Damages ” shall mean all reasonable amounts paid or incurred relating to any and all actions, suits, proceedings, hearings, investigations, charges, complaints, claims, demands, injunctions, judgments, orders, decrees, rulings, damages, dues, penalties, fines, costs, reasonable amounts paid in settlements, liabilities, obligations, taxes, Liens, losses, expenses and fees including court costs and reasonable attorneys fees and expenses.

Debt ” means, for any Person, without duplication, (a) all obligations of such Person for borrowed money, (b) all obligations of such Person evidenced by bonds, debentures, notes or other similar instruments, (c) all indebtedness of such Person on which interest charges are customarily paid or accrued, (d) all Guarantees of such Person, (e) the unfunded or unreimbursed portion of all letters of credit issued for the account of such Person, (f) the present value of all obligations in respect of leases that are capitalized on the books and records of such Person, (g) any obligation of such Person representing the deferred purchase price of property or services purchased by such Person other than trade payables incurred in the ordinary course of business and which are not more than ninety (90) days past invoice date, (h) any indebtedness, liability or obligation secured by a Lien

 

3


on the assets of such Person whether or not such indebtedness, liability or obligation is otherwise non-recourse to such Person, and (i) all liability of such Person as a general partner or joint venturer for obligations of the nature described in (a) through (h) preceding.

Deductible Amount ” shall be $25,000.

Effective Date ” has the meaning set forth in the introductory paragraph of this Agreement.

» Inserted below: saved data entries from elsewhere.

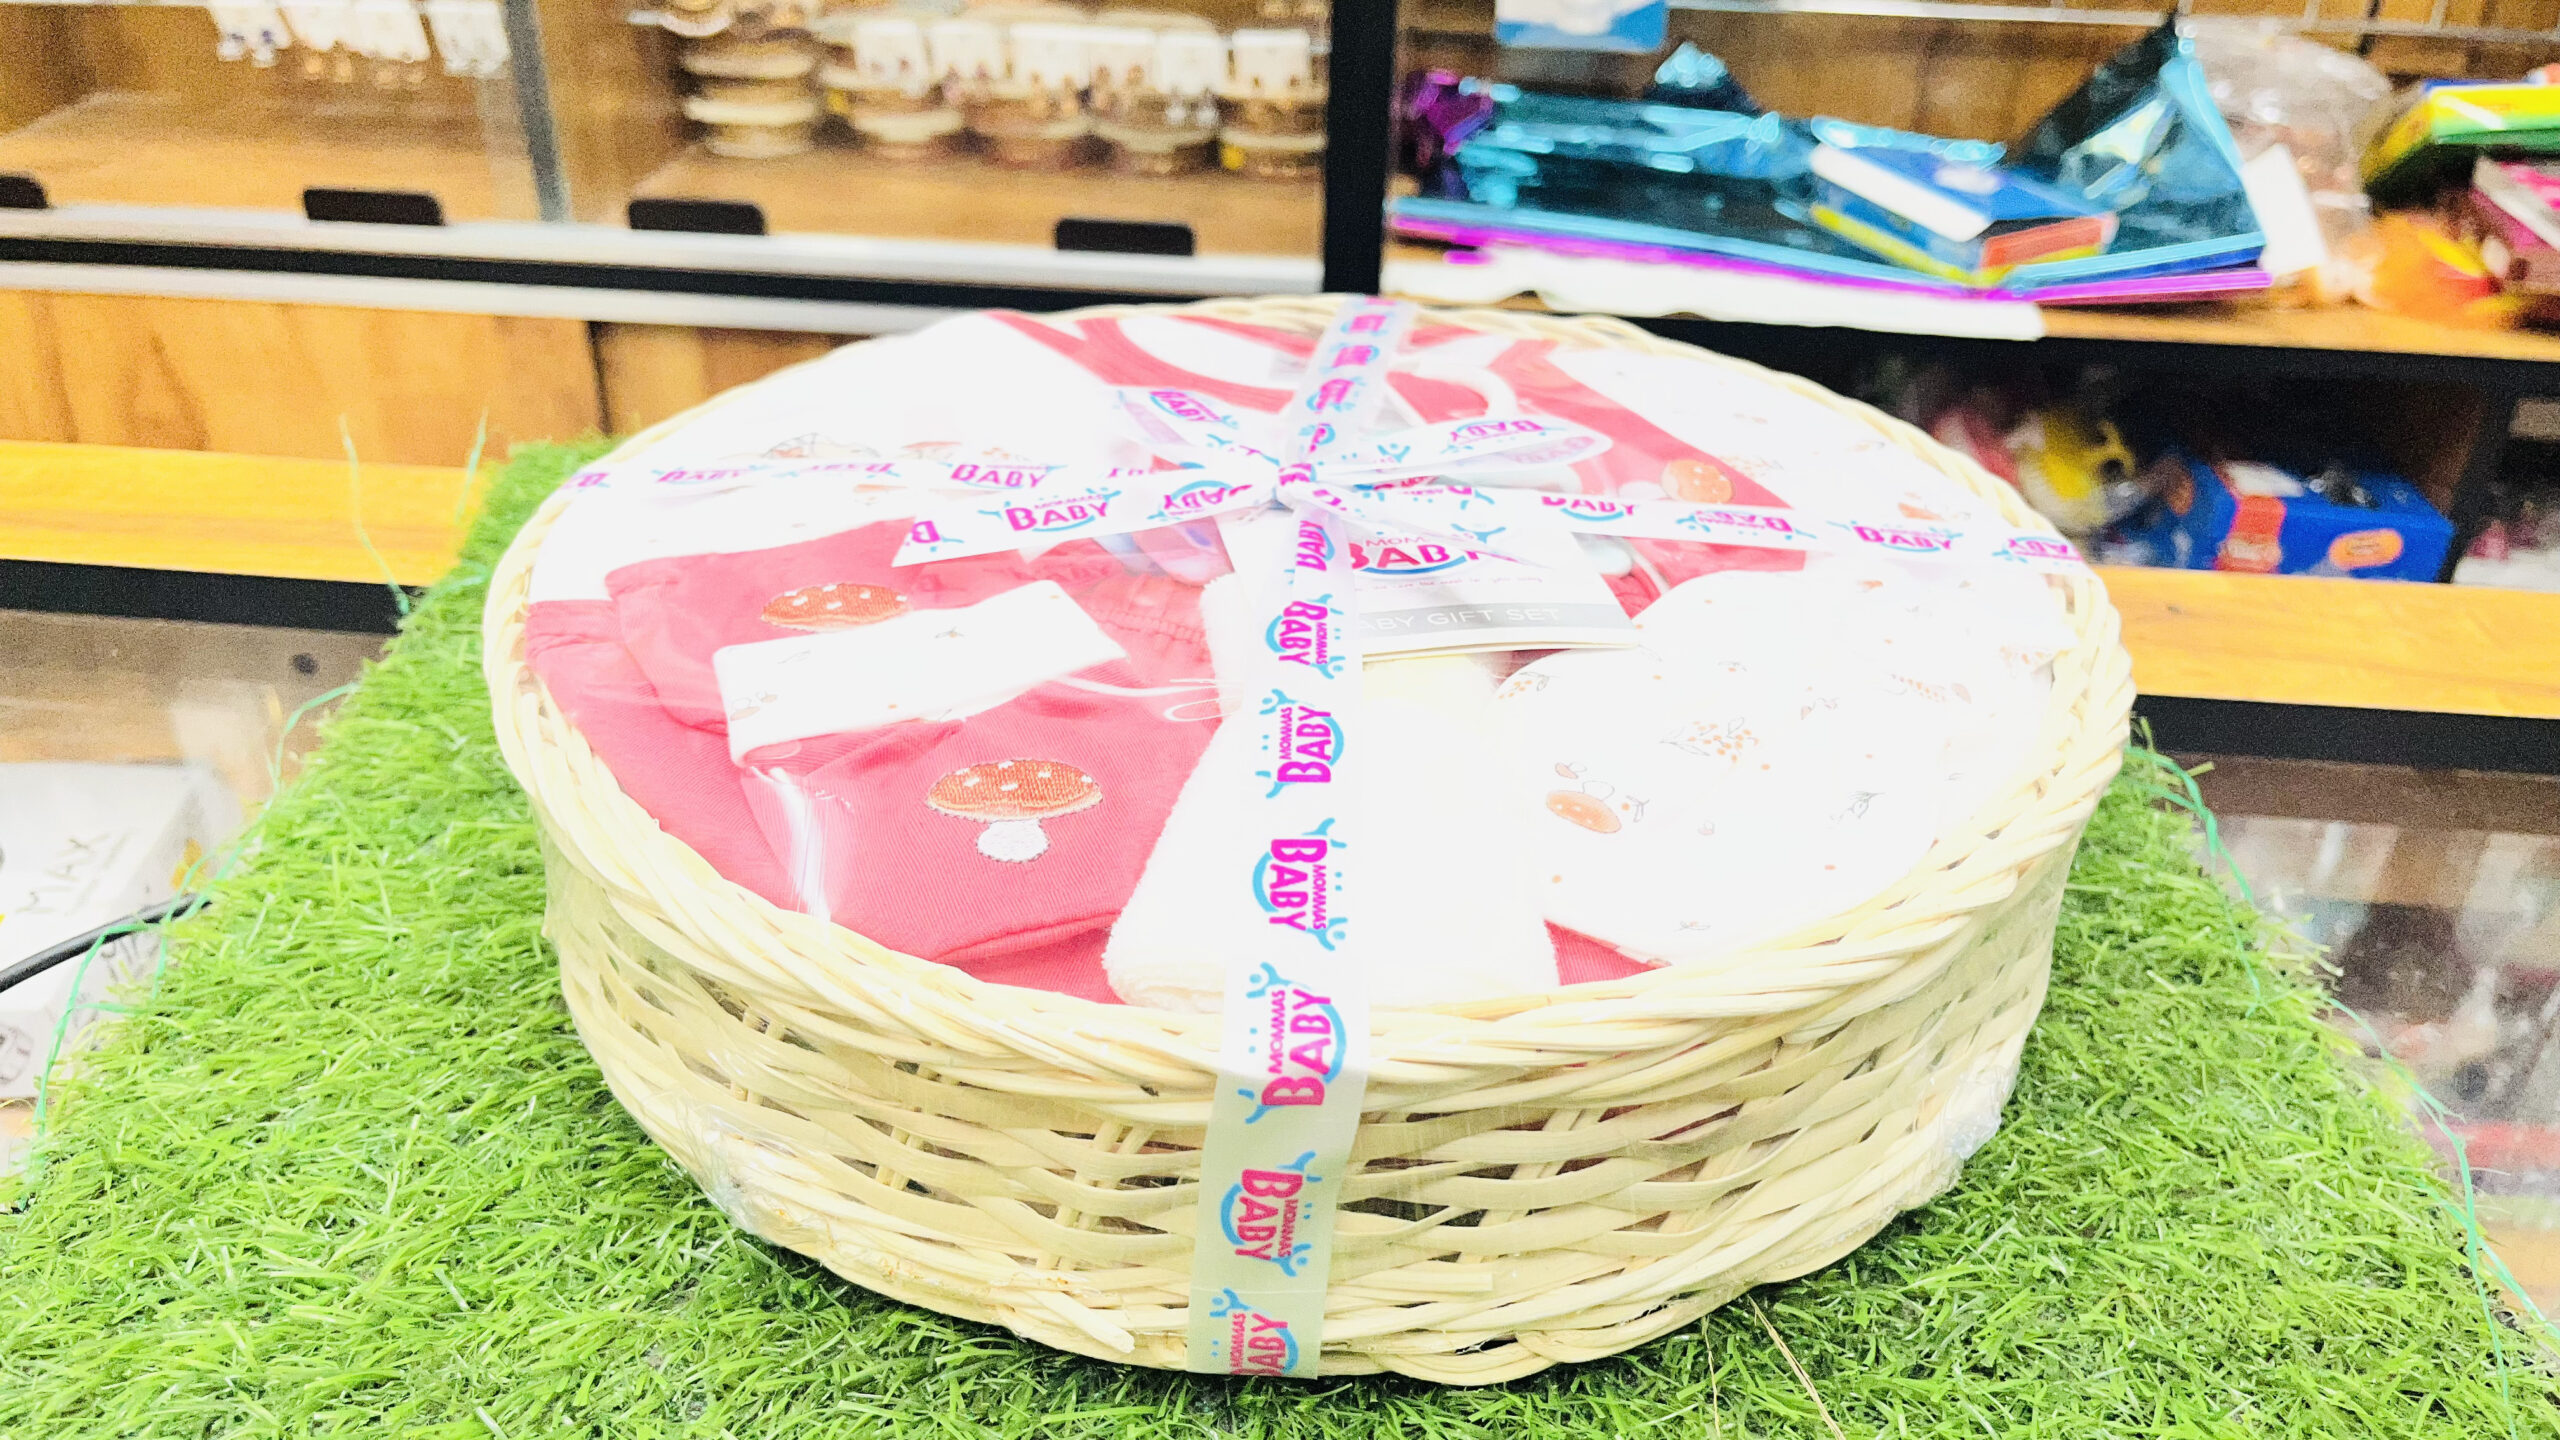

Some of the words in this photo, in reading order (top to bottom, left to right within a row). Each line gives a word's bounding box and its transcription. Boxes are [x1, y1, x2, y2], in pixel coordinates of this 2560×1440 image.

[1450, 419, 1544, 442] BABY
[950, 463, 1047, 489] BABY
[1163, 483, 1253, 510] ABY
[1005, 501, 1108, 532] BABY
[1852, 525, 1952, 551] BABY
[1278, 600, 1329, 666] BABY
[1427, 609, 1493, 625] GIFT
[1505, 608, 1560, 622] SET
[1276, 705, 1333, 784] BABY
[1279, 706, 1293, 761] MOMMAS
[1268, 838, 1329, 931] BABY
[1311, 863, 1327, 930] MOMMAS
[1261, 988, 1332, 1107] BABY
[1267, 989, 1287, 1076] MOMMAS
[1234, 1168, 1304, 1261] BABY

Effective Time ” has the meaning set forth in Section 2.1.

Employees ” has the meaning set forth in Section 4.2.12.

Environmental Law ” means any law, common law, ordinance, regulation or policy of any Governmental Authority, as well as any order, decree, permit, judgment or injunction issued, promulgated, approved, or entered thereunder, relating to the environment, health and safety, Hazardous Material (including, without limitation, the use, handling, transportation, production, disposal, discharge or storage thereof), industrial hygiene, the environmental conditions on, under, or about any real property owned, leased or operated at any time by Company including, without limitation, soil, groundwater, and indoor and ambient air conditions or the reporting or remediation of environmental contamination. Environmental Laws include, without limitation, the Clean Air Act, as amended, the Federal Water Pollution Control Act, as amended, the Rivers and Harbors Act of 1899, as amended, the Safe Drinking Water Act, as amended, CERCLA, the Superfund Amendments and Reauthorization Act of 1986, as amended, the Resource Conservation and Recovery Act of 1976, as amended, the Hazardous and Solid Waste Amendments Act of 1984, as amended, the Toxic Substances Control Act, as amended, the Occupational Safety and Health Act, as amended, the Hazardous Materials Transportation Act, as amended, and any other federal, state and local law whose purpose is to conserve or protect human health, the environment, wildlife or natural resources.

Equipment ” has the meaning set forth in Section 4.2.22.

ERISA ” means the Employee Retirement Income Security Act of 1974, as amended from time to time and the regulations promulgated thereunder.

Escrow Agent ” means Fidelity Bank, Wichita, Kansas or another federally insured financial institution selected by Purchaser.

Escrow Agreement ” shall mean the Escrow Agreement the form of which to be agreed upon by Escrow Agent, Company Stockholders and Purchaser regarding the handling of the Escrow Amount.

Escrow Amount ” shall be $2,500,000 ($1,000,000 of which shall be in cash from the Cash Consideration and $1,500,000 of which shall be in the form of shares of Purchaser Common Stock from the Stock Consideration and shall be held back from the total consideration to be paid to the Snell Trusts pursuant to this Agreement).

 

4


GAAP ” means generally accepted accounting principles, as recognized by the U.S. Financial Accounting Standards Board (or any generally recognized successor).

Governmental Action ” means any authorization, application, approval, consent, exemption, filing, license, notice, registration, permit or other requirement of, to or with any Governmental Authority.

Governmental Authority ” means any national, state, county or municipal government, domestic or foreign, any agency, board, bureau, commission, court, department or other instrumentality of any such government.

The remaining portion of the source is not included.